### Brief
Would you please return the lines of the entries below starting at the line that has "this 1500×1000 image." and ending at the line that has "this 1280×1280 image.", both included, exactly as they are?

### Source data
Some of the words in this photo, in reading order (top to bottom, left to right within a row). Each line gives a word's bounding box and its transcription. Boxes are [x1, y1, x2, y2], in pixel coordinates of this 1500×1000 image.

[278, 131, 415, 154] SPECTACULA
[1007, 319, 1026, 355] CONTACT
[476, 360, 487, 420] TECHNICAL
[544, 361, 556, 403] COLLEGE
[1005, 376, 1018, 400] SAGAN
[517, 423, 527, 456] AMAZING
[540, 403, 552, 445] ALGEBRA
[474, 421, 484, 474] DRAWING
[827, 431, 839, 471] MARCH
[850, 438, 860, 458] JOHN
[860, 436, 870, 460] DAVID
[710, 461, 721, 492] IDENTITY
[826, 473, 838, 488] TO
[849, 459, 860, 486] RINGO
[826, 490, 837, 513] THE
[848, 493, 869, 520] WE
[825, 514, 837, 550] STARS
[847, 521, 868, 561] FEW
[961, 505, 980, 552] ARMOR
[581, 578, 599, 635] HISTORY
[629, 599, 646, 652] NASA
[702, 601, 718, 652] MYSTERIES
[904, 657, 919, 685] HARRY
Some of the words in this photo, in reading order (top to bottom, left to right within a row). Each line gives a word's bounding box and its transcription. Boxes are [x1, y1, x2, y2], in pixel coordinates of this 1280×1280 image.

---

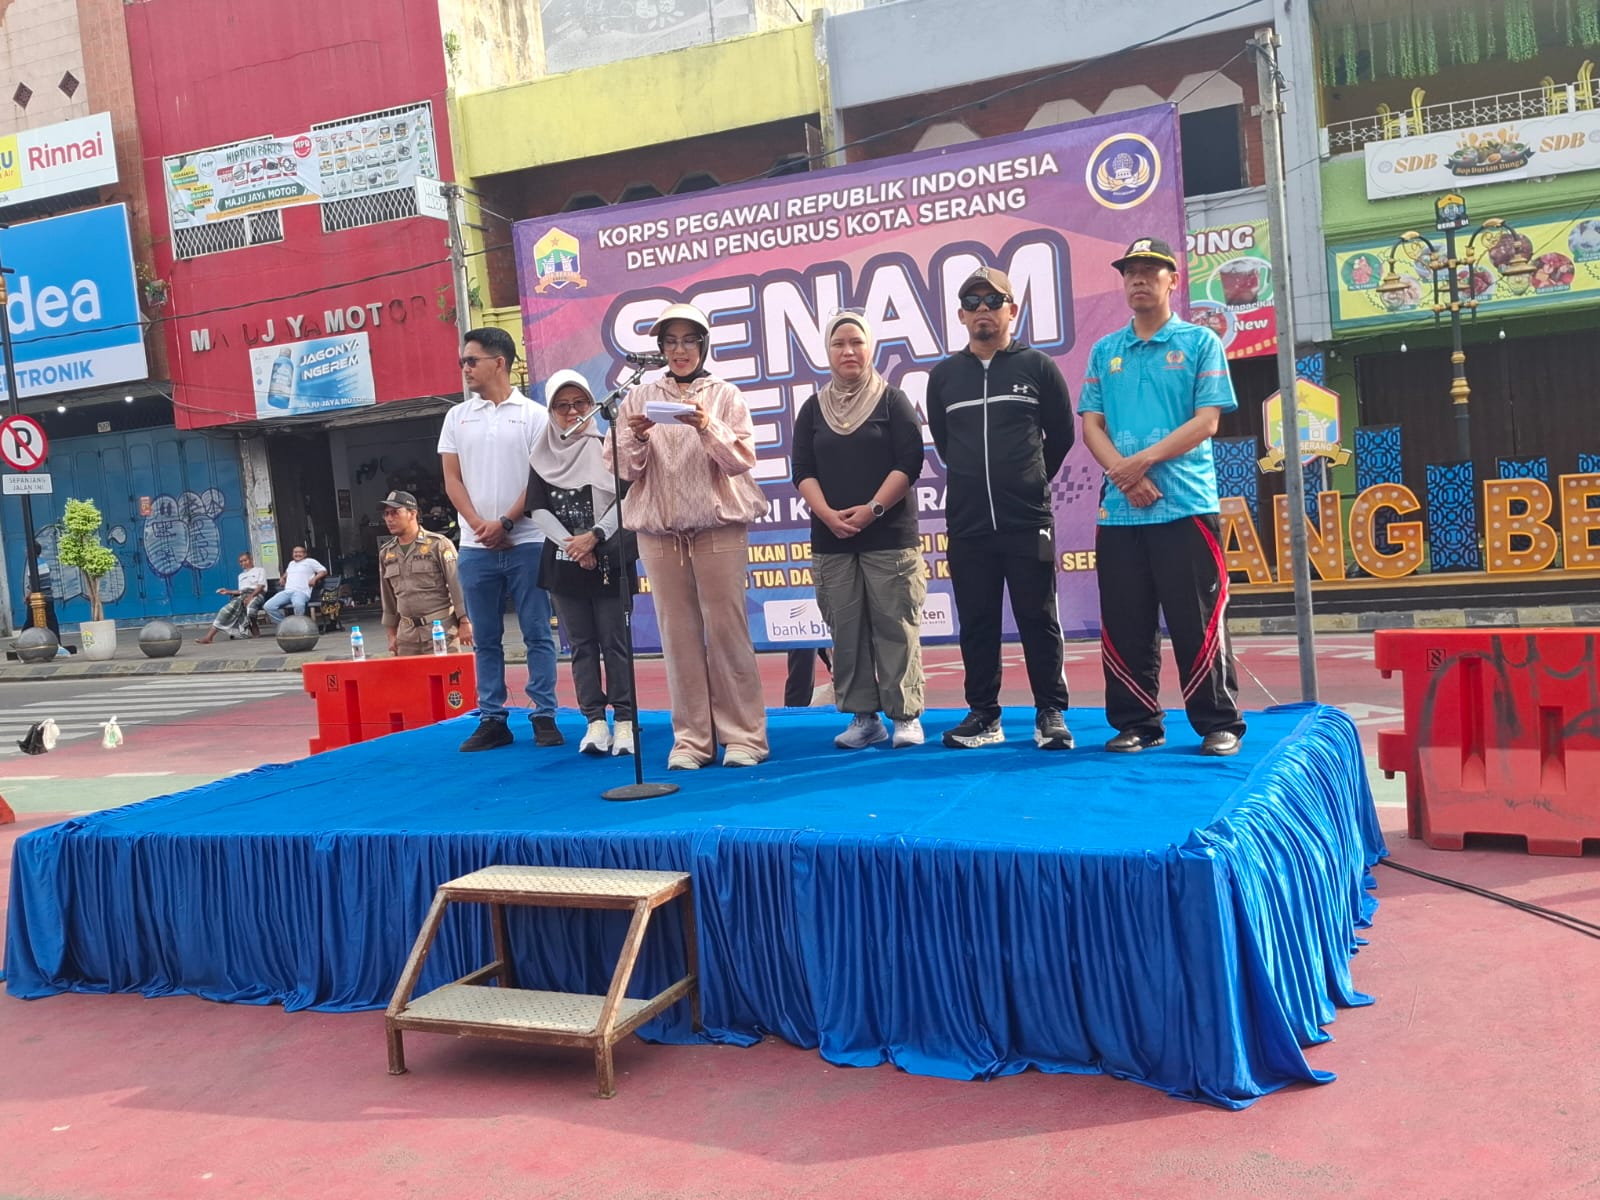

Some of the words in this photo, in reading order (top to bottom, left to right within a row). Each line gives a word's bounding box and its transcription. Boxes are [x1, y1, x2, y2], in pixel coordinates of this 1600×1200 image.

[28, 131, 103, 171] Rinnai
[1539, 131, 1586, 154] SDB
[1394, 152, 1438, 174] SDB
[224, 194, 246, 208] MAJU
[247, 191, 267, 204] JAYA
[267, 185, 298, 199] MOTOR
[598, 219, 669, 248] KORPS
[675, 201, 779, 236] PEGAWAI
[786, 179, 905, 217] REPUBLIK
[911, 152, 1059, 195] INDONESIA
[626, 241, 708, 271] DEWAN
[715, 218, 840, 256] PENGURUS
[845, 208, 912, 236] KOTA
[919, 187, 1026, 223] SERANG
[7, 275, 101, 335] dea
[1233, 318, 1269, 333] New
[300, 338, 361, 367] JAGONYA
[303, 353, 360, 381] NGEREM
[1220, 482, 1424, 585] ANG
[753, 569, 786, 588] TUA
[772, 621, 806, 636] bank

### Response to the exercise
Some of the words in this photo, in reading order (top to bottom, left to right within a row). Each line gives a word's bounding box and its transcription. Boxes are [x1, y1, x2, y2], in pixel coordinates of this 1500×1000 image.

[278, 131, 415, 154] SPECTACULA
[1007, 319, 1026, 355] CONTACT
[476, 360, 487, 420] TECHNICAL
[544, 361, 556, 403] COLLEGE
[1005, 376, 1018, 400] SAGAN
[517, 423, 527, 456] AMAZING
[540, 403, 552, 445] ALGEBRA
[474, 421, 484, 474] DRAWING
[827, 431, 839, 471] MARCH
[850, 438, 860, 458] JOHN
[860, 436, 870, 460] DAVID
[710, 461, 721, 492] IDENTITY
[826, 473, 838, 488] TO
[849, 459, 860, 486] RINGO
[826, 490, 837, 513] THE
[848, 493, 869, 520] WE
[825, 514, 837, 550] STARS
[847, 521, 868, 561] FEW
[961, 505, 980, 552] ARMOR
[581, 578, 599, 635] HISTORY
[629, 599, 646, 652] NASA
[702, 601, 718, 652] MYSTERIES
[904, 657, 919, 685] HARRY
Some of the words in this photo, in reading order (top to bottom, left to right within a row). Each line gives a word's bounding box and its transcription. Boxes are [x1, y1, x2, y2], in pixel coordinates of this 1280×1280 image.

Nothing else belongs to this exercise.